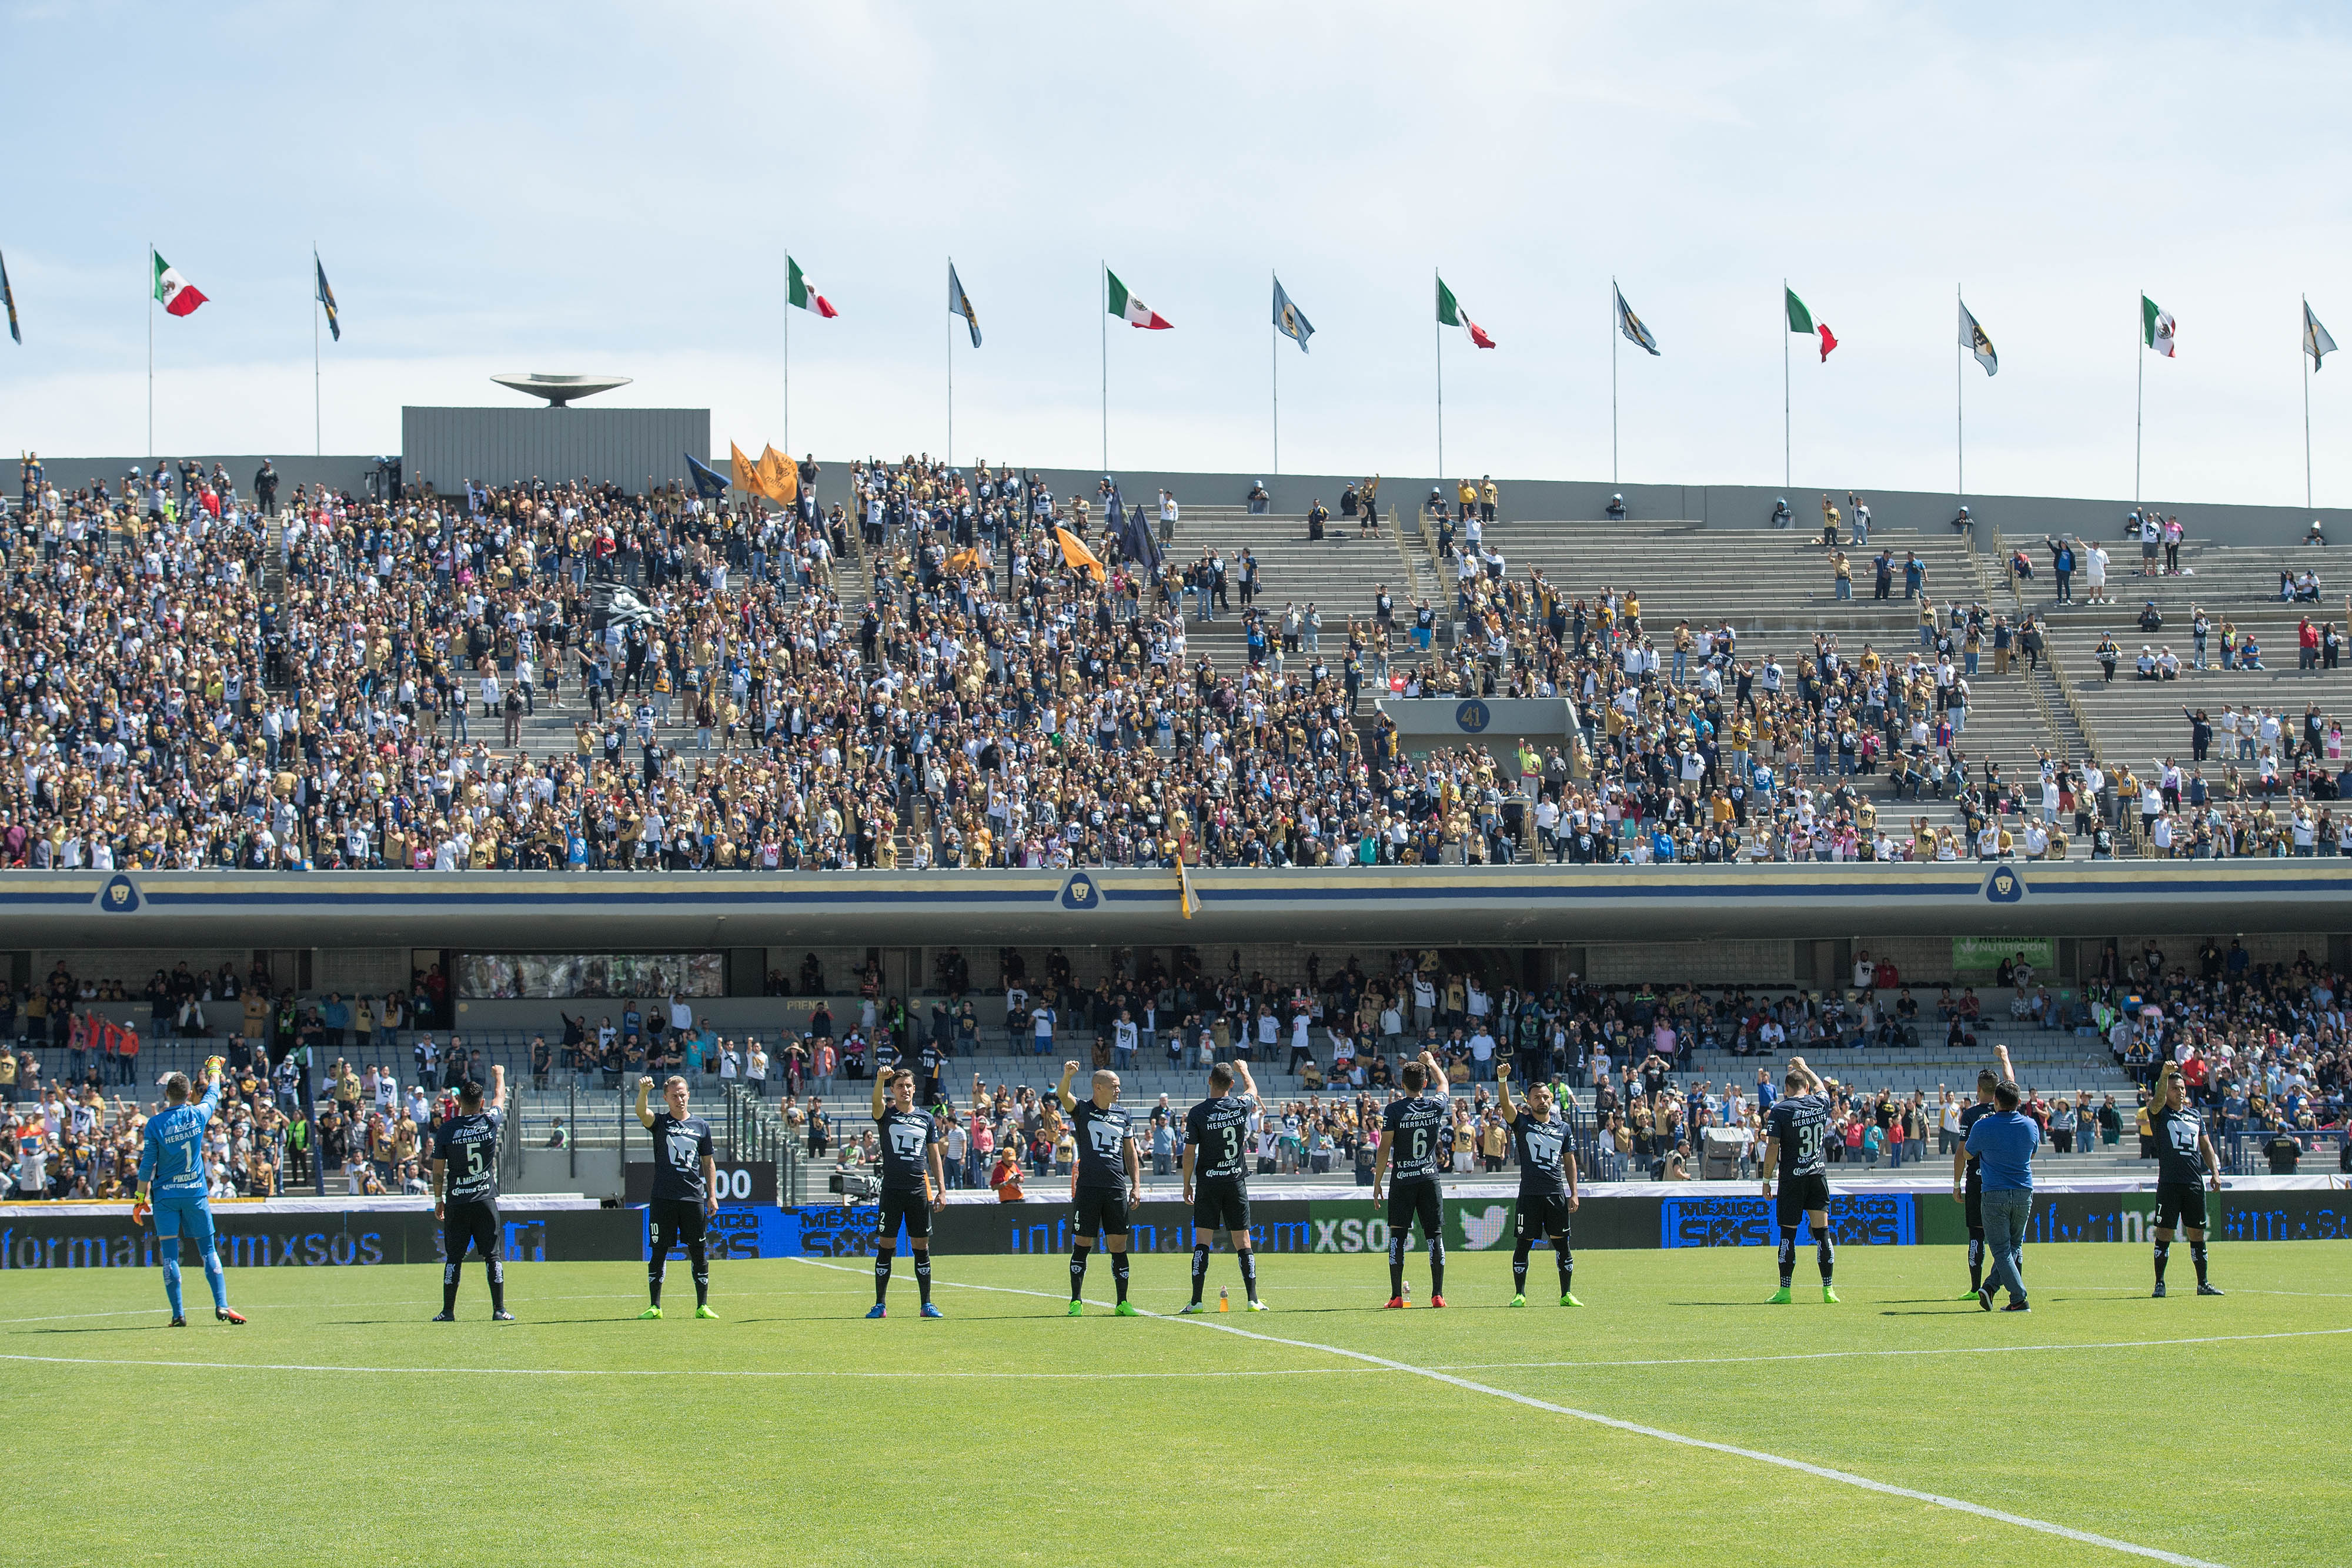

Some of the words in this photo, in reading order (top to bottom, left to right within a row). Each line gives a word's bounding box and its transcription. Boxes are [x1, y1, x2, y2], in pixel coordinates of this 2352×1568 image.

[1461, 707, 1481, 727] 41
[1419, 950, 1439, 971] 28
[787, 1001, 829, 1010] PRENA
[923, 1057, 935, 1068] 116
[1801, 1105, 1825, 1118] telcel
[891, 1115, 927, 1127] DHL
[1207, 1116, 1245, 1130] HERBALIFE
[1400, 1117, 1439, 1129] HERBALIFE
[1792, 1114, 1827, 1127] HERBALIFE
[165, 1126, 202, 1144] HERBALIFE
[667, 1126, 701, 1137] DHL
[452, 1132, 493, 1145] HERBALIFE
[1223, 1126, 1238, 1159] 3
[1413, 1128, 1428, 1159] 6
[1799, 1123, 1824, 1157] 30
[181, 1141, 192, 1172] 1
[467, 1142, 483, 1175] 5
[1397, 1169, 1420, 1179] Corona
[2158, 1203, 2162, 1215] 7
[880, 1212, 885, 1224] 2
[1075, 1211, 1080, 1222] 4
[1518, 1213, 1524, 1225] 11
[650, 1223, 659, 1235] 10

++++

* Problem *
Output the lines above in full and exactly as given, omitting any pictures.

* Solved exercise *
Some of the words in this photo, in reading order (top to bottom, left to right within a row). Each line gives a word's bounding box and its transcription. Boxes are [x1, y1, x2, y2], in pixel coordinates of this 2352×1568 image.

[1461, 707, 1481, 727] 41
[1419, 950, 1439, 971] 28
[787, 1001, 829, 1010] PRENA
[923, 1057, 935, 1068] 116
[1801, 1105, 1825, 1118] telcel
[891, 1115, 927, 1127] DHL
[1207, 1116, 1245, 1130] HERBALIFE
[1400, 1117, 1439, 1129] HERBALIFE
[1792, 1114, 1827, 1127] HERBALIFE
[165, 1126, 202, 1144] HERBALIFE
[667, 1126, 701, 1137] DHL
[452, 1132, 493, 1145] HERBALIFE
[1223, 1126, 1238, 1159] 3
[1413, 1128, 1428, 1159] 6
[1799, 1123, 1824, 1157] 30
[181, 1141, 192, 1172] 1
[467, 1142, 483, 1175] 5
[1397, 1169, 1420, 1179] Corona
[2158, 1203, 2162, 1215] 7
[880, 1212, 885, 1224] 2
[1075, 1211, 1080, 1222] 4
[1518, 1213, 1524, 1225] 11
[650, 1223, 659, 1235] 10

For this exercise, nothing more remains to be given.